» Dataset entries
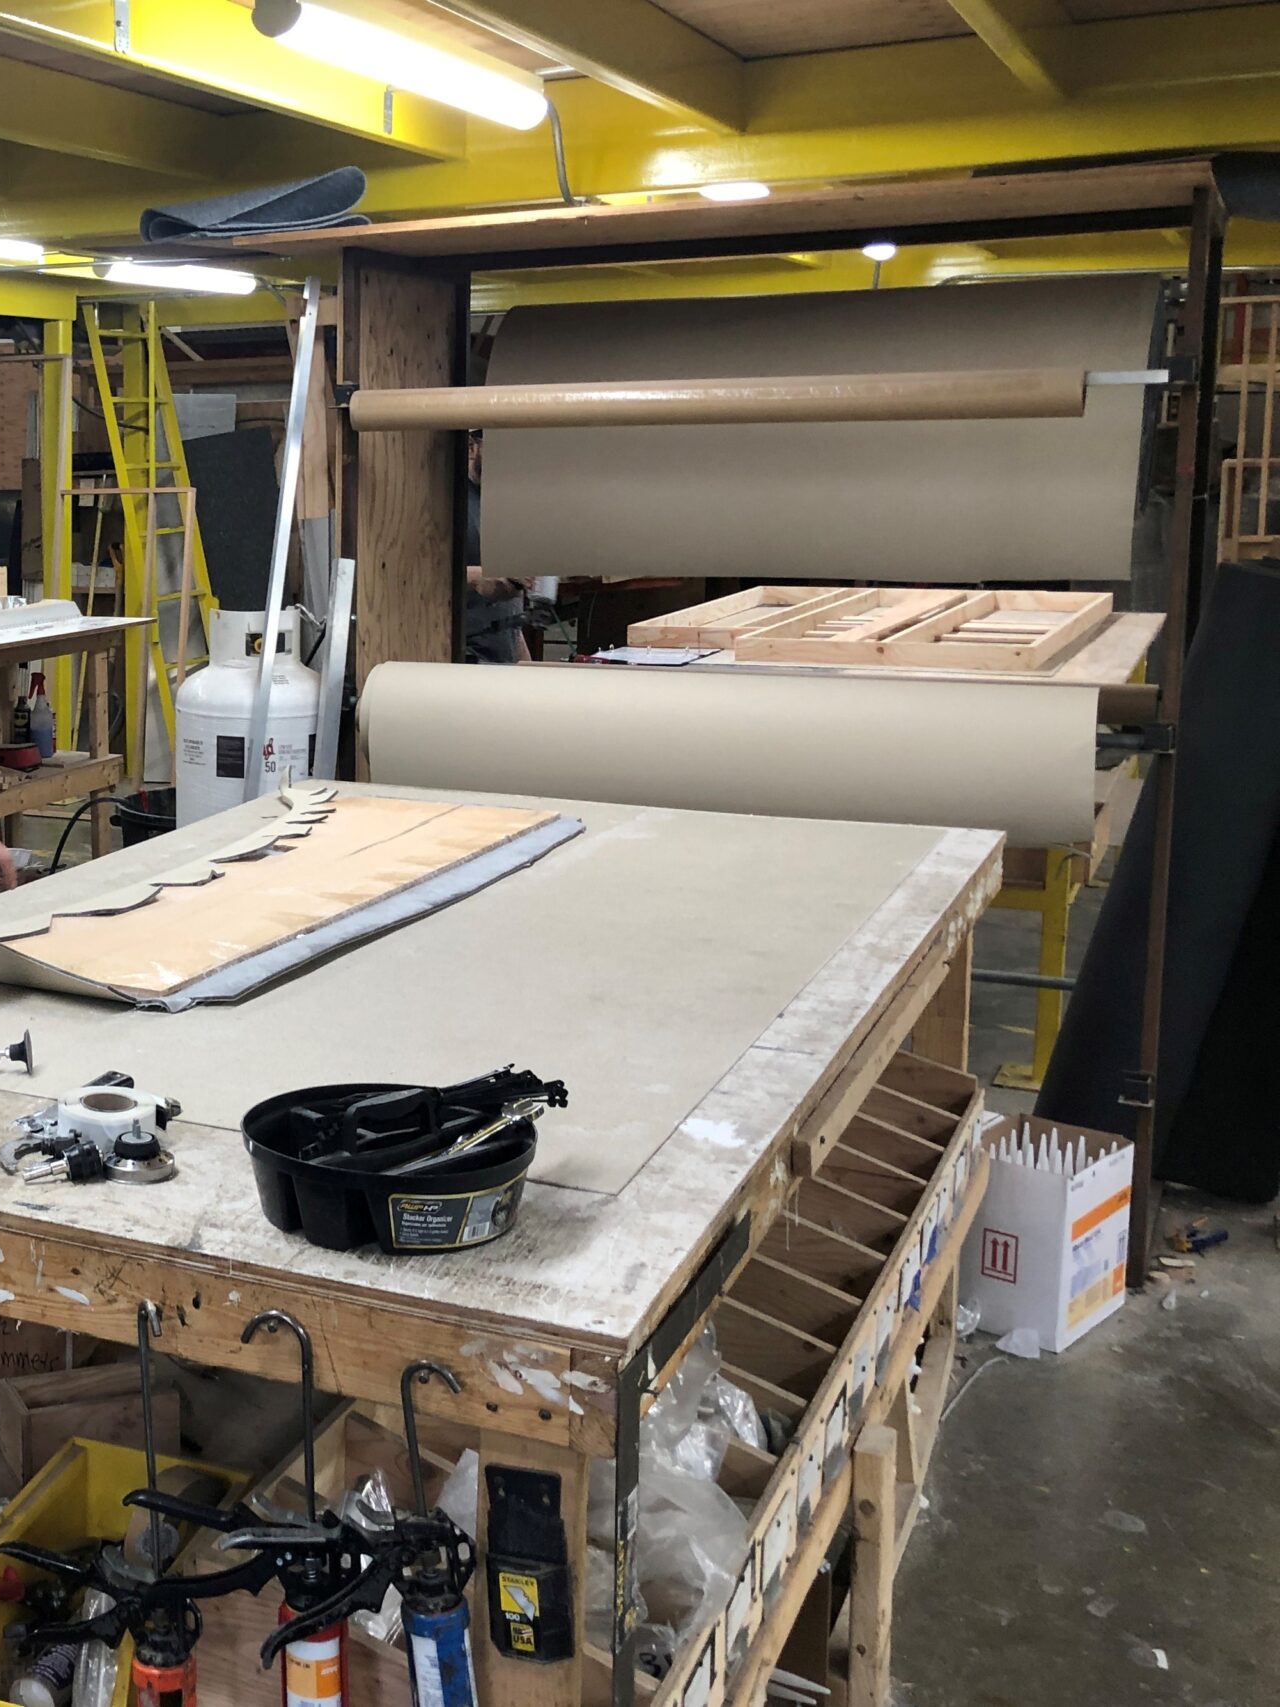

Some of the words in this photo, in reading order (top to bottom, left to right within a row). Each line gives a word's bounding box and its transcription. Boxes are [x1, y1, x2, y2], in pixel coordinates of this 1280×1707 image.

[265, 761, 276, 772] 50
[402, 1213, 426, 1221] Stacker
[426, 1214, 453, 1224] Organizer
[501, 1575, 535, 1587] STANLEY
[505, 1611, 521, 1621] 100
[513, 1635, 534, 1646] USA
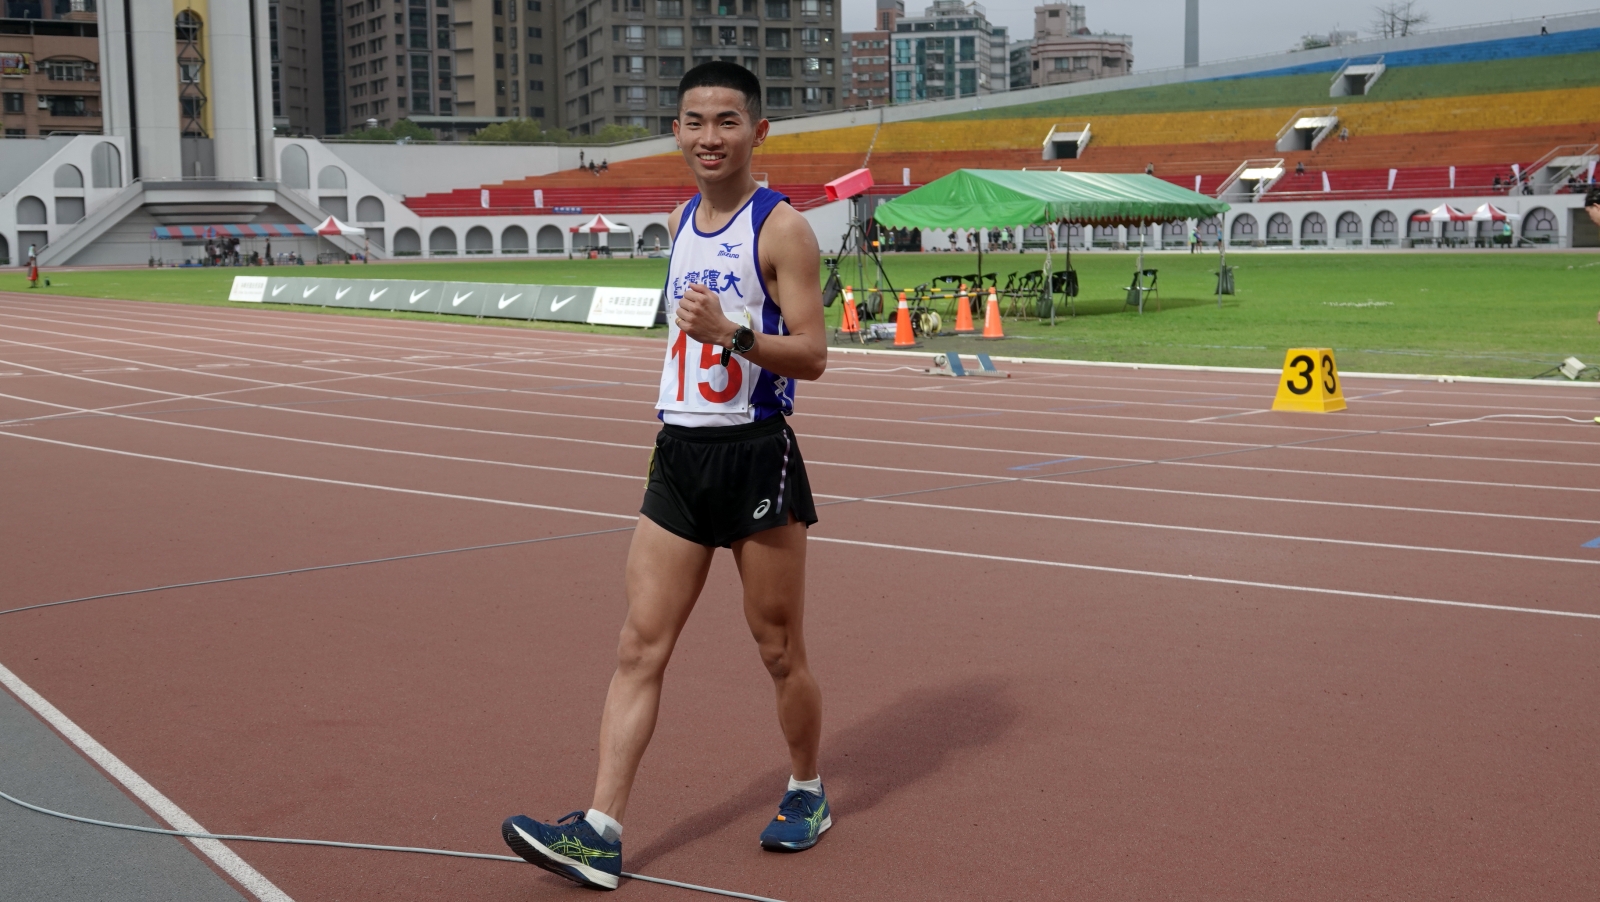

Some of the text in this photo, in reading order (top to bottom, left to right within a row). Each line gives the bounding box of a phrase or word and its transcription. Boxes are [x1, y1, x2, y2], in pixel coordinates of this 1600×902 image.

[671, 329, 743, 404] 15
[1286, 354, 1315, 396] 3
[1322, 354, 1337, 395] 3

» WORK INSTRUCTIONS
Omitting the pictures, copy each record above exactly as it stands.

» YOUR SOLUTION
Some of the words in this photo, in reading order (top to bottom, left to right within a row). Each line gives a word's bounding box and its transcription. Boxes are [x1, y1, x2, y2], in pixel coordinates of this 1280×1707 image.

[265, 761, 276, 772] 50
[402, 1213, 426, 1221] Stacker
[426, 1214, 453, 1224] Organizer
[501, 1575, 535, 1587] STANLEY
[505, 1611, 521, 1621] 100
[513, 1635, 534, 1646] USA

Some of the text in this photo, in reading order (top to bottom, left to right within a row). Each line gives the bounding box of a phrase or word and its transcription. Boxes are [x1, y1, x2, y2], in pixel coordinates of this 1600×902 image.

[671, 329, 743, 404] 15
[1286, 354, 1315, 396] 3
[1322, 354, 1337, 395] 3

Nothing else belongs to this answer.